Exercise objective: Could every line below be transcribed exactly, with the pictures dropped?

Exercise input:
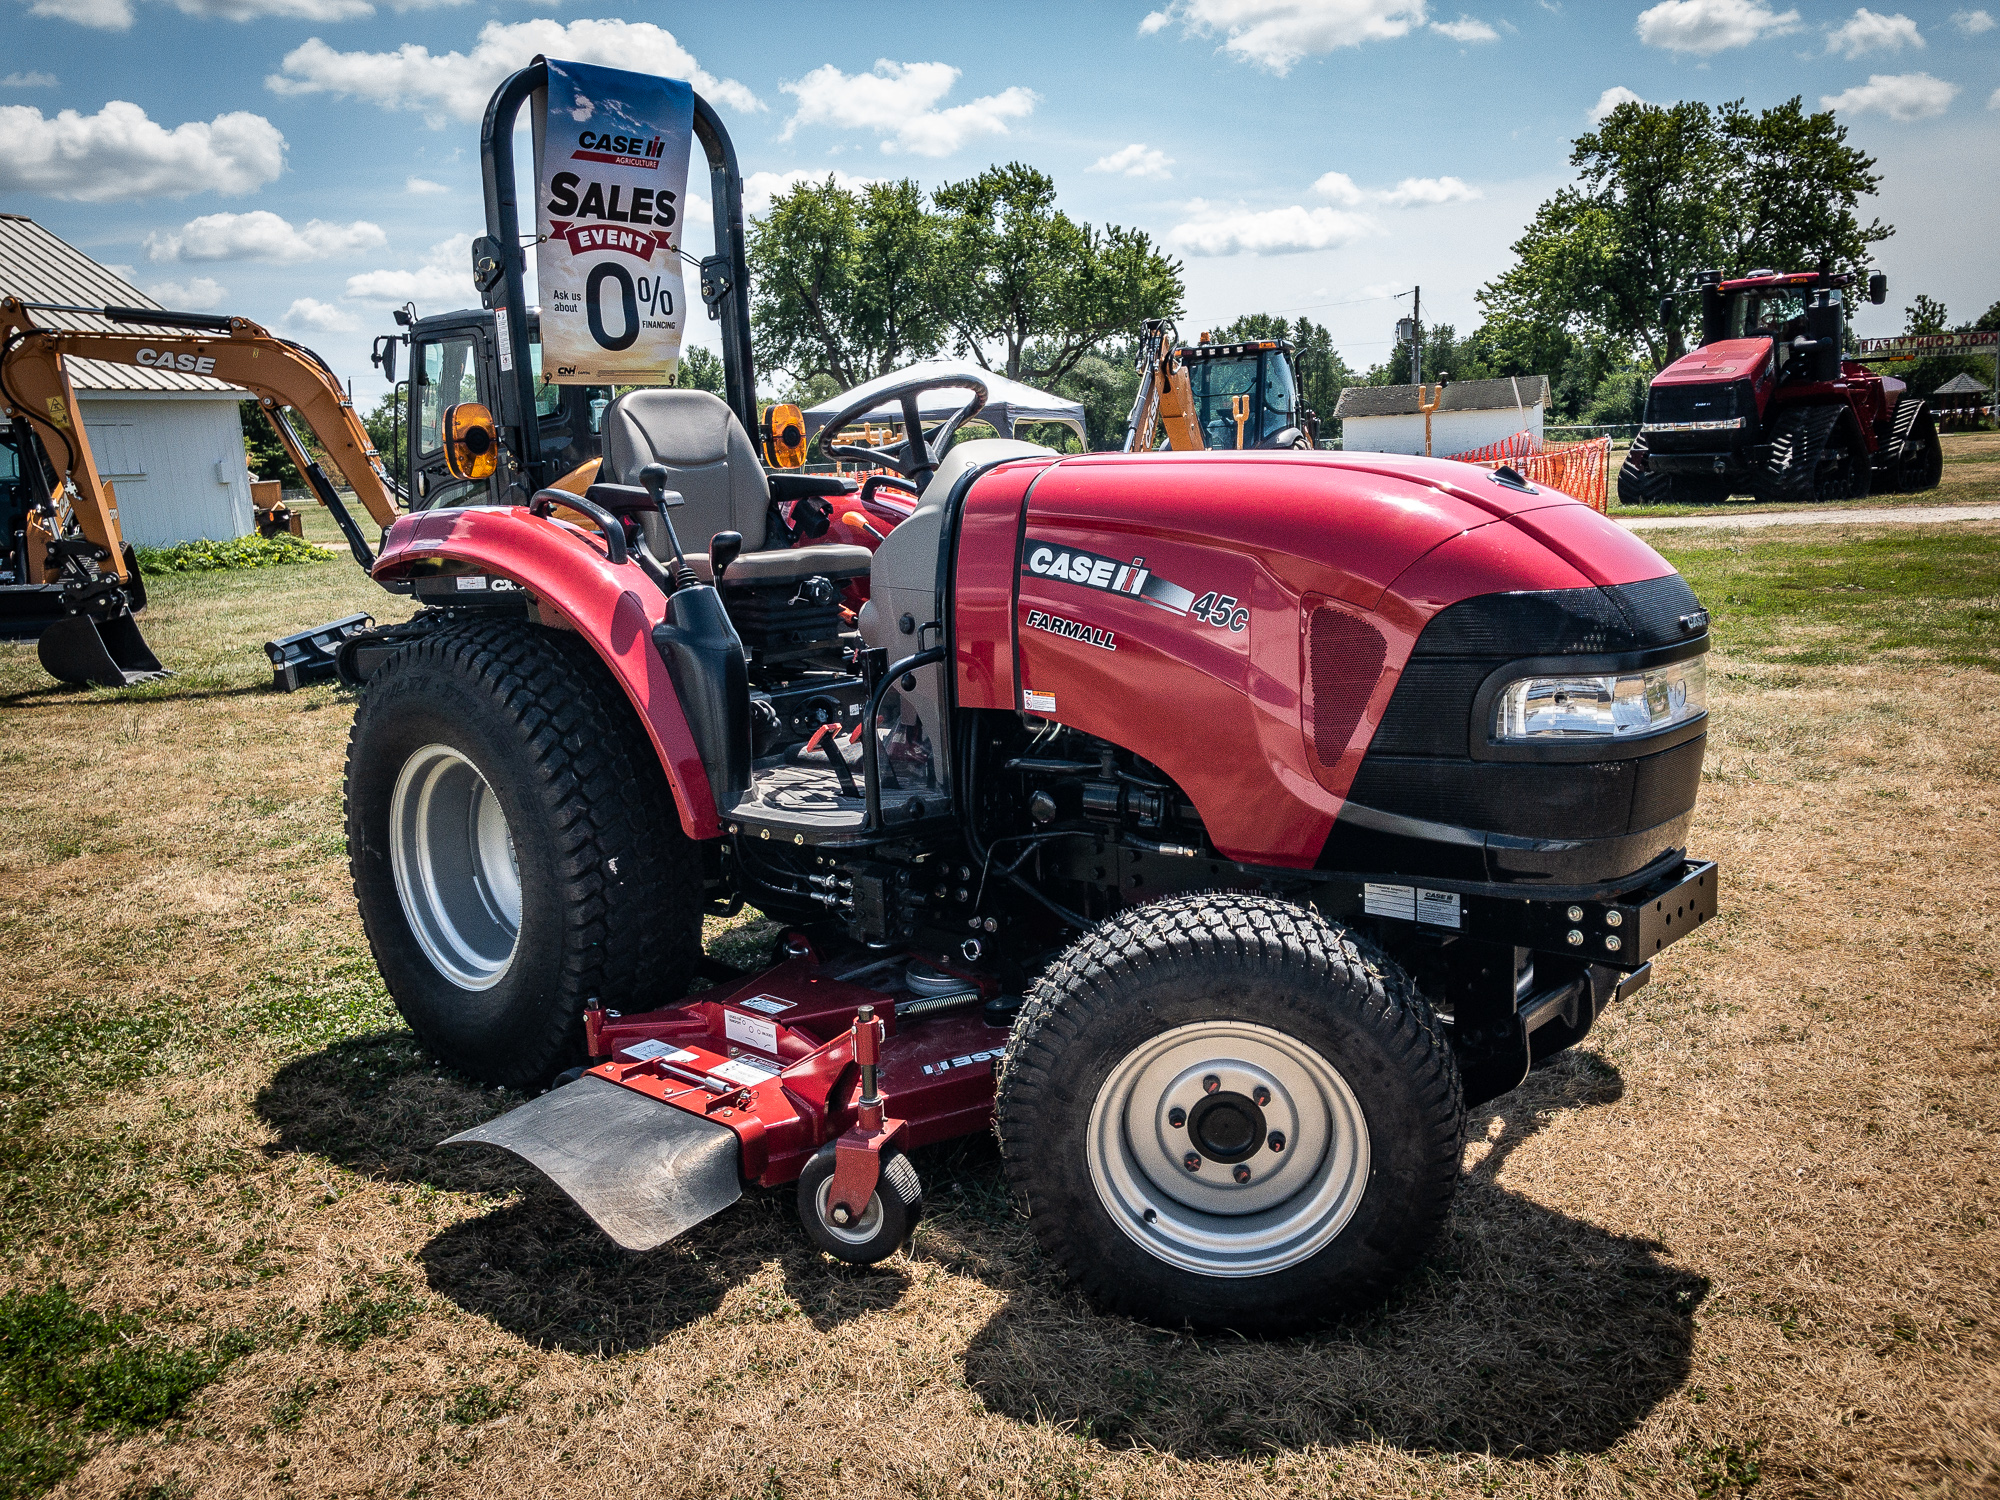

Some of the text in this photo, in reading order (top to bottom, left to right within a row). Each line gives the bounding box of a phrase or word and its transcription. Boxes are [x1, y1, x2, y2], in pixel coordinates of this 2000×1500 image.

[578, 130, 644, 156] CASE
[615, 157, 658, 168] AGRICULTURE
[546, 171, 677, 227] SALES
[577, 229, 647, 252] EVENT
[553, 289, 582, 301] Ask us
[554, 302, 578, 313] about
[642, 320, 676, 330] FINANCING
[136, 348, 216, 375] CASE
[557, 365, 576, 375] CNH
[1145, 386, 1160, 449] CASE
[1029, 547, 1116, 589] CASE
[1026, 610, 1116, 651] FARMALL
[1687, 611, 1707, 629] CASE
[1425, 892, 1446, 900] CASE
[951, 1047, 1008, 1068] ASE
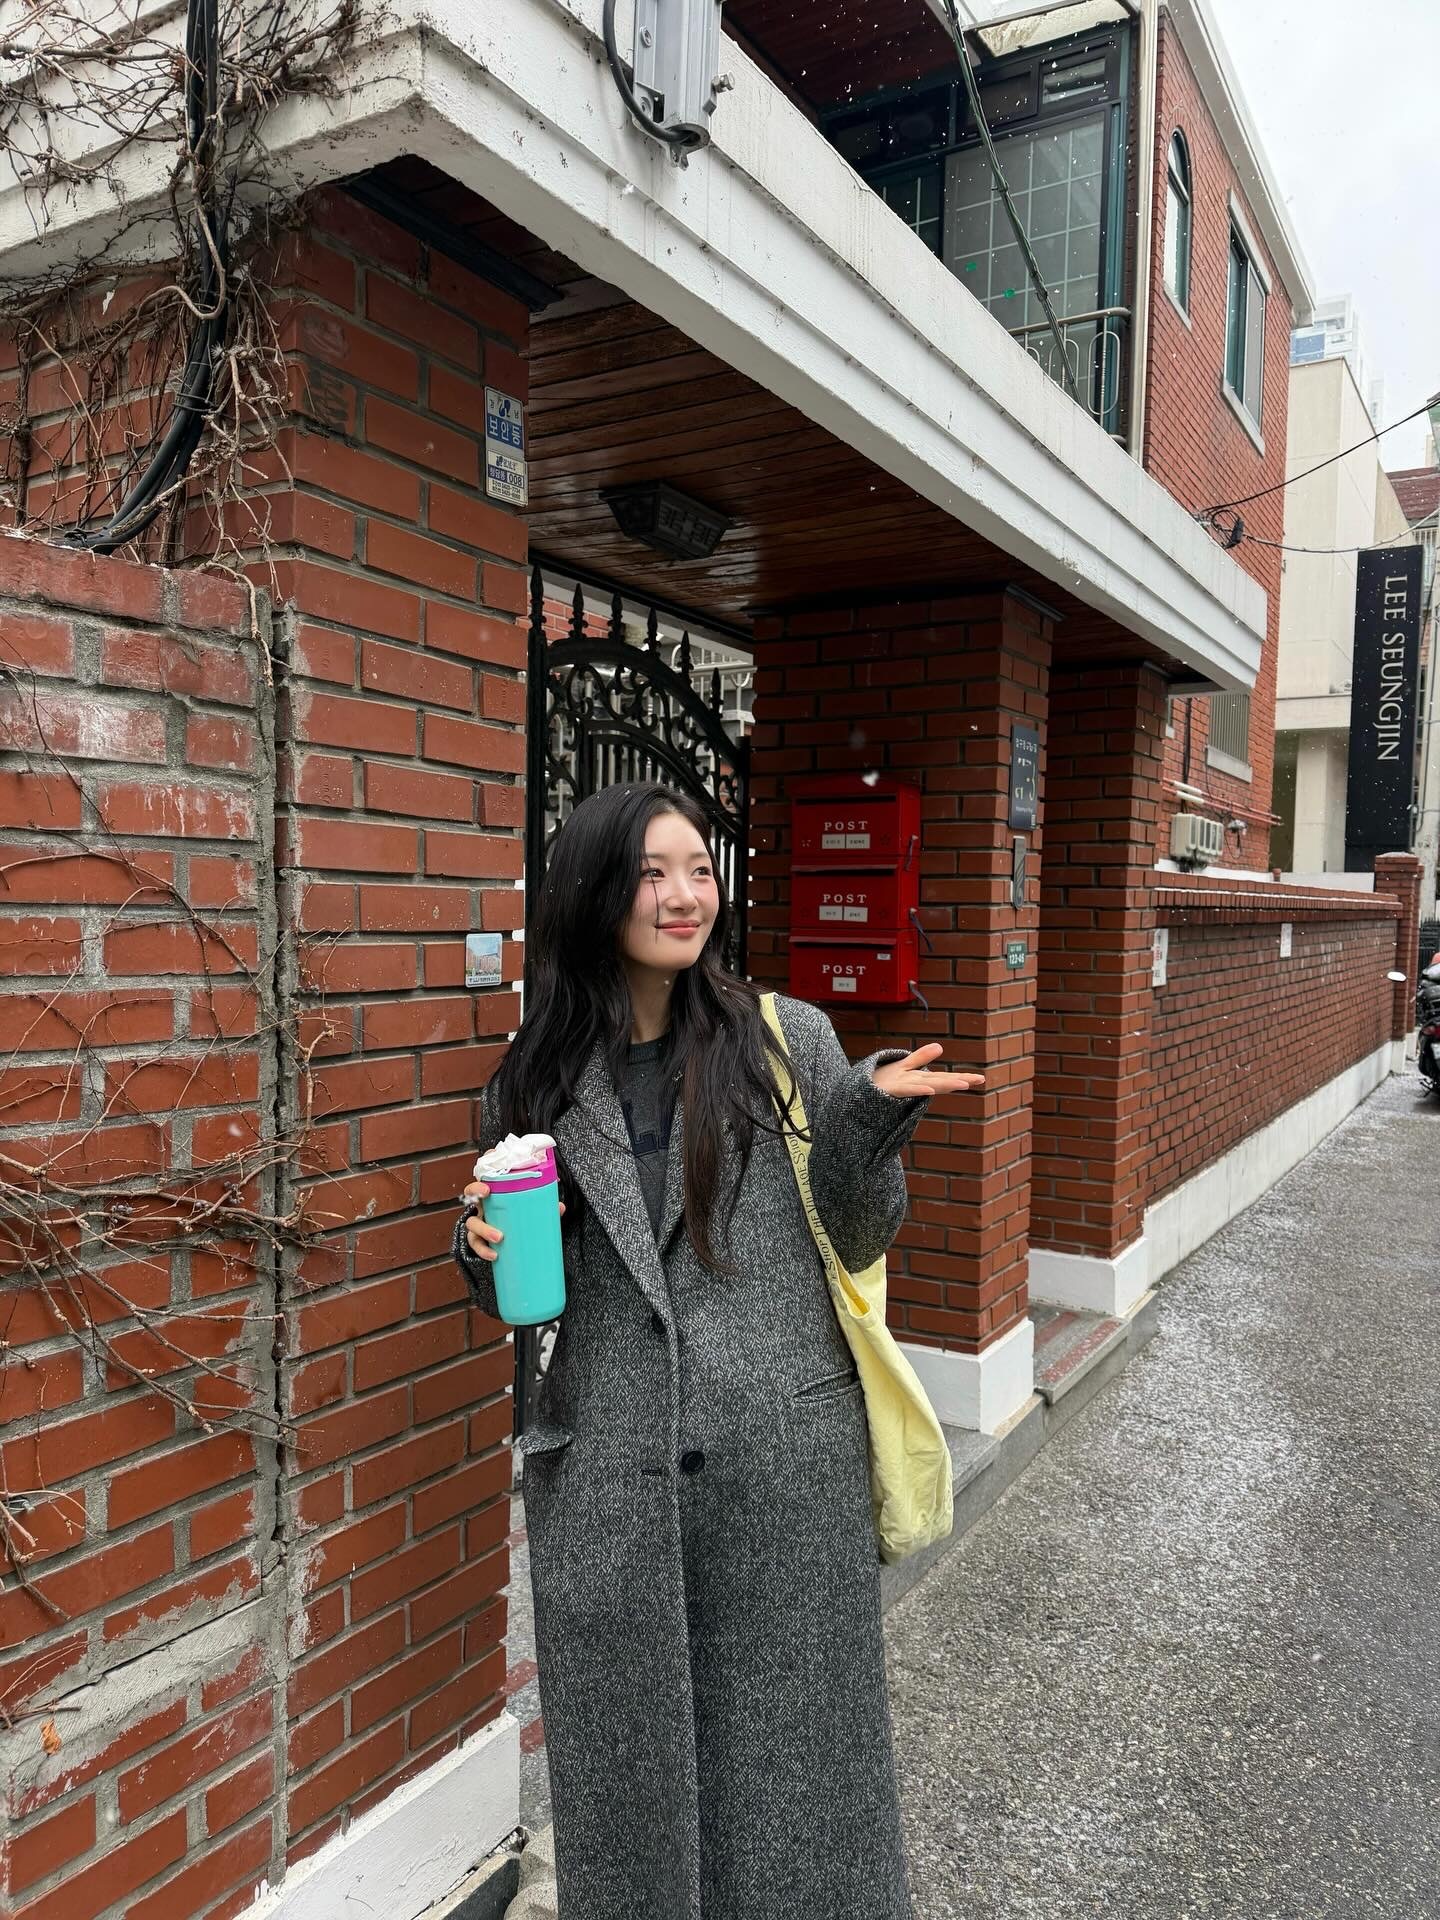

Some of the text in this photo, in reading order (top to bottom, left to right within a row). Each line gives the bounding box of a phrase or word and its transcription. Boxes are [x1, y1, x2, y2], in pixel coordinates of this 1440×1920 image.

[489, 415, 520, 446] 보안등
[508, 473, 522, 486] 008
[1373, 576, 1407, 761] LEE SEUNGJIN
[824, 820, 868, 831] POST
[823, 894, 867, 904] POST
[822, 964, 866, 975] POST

Answer area:
Some of the text in this photo, in reading order (top to bottom, left to right within a row). Each line gives the bounding box of a phrase or word and its transcription. Boxes are [x1, y1, x2, y2], in pixel coordinates of this 2000×1500 image.

[578, 130, 644, 156] CASE
[615, 157, 658, 168] AGRICULTURE
[546, 171, 677, 227] SALES
[577, 229, 647, 252] EVENT
[553, 289, 582, 301] Ask us
[554, 302, 578, 313] about
[642, 320, 676, 330] FINANCING
[136, 348, 216, 375] CASE
[557, 365, 576, 375] CNH
[1145, 386, 1160, 449] CASE
[1029, 547, 1116, 589] CASE
[1026, 610, 1116, 651] FARMALL
[1687, 611, 1707, 629] CASE
[1425, 892, 1446, 900] CASE
[951, 1047, 1008, 1068] ASE

Some of the text in this photo, in reading order (top to bottom, left to right within a row). Each line gives the bounding box of a phrase or word and its transcription. Boxes are [x1, y1, x2, y2], in pixel coordinates of this 1440×1920 image.

[489, 415, 520, 446] 보안등
[508, 473, 522, 486] 008
[1373, 576, 1407, 761] LEE SEUNGJIN
[824, 820, 868, 831] POST
[823, 894, 867, 904] POST
[822, 964, 866, 975] POST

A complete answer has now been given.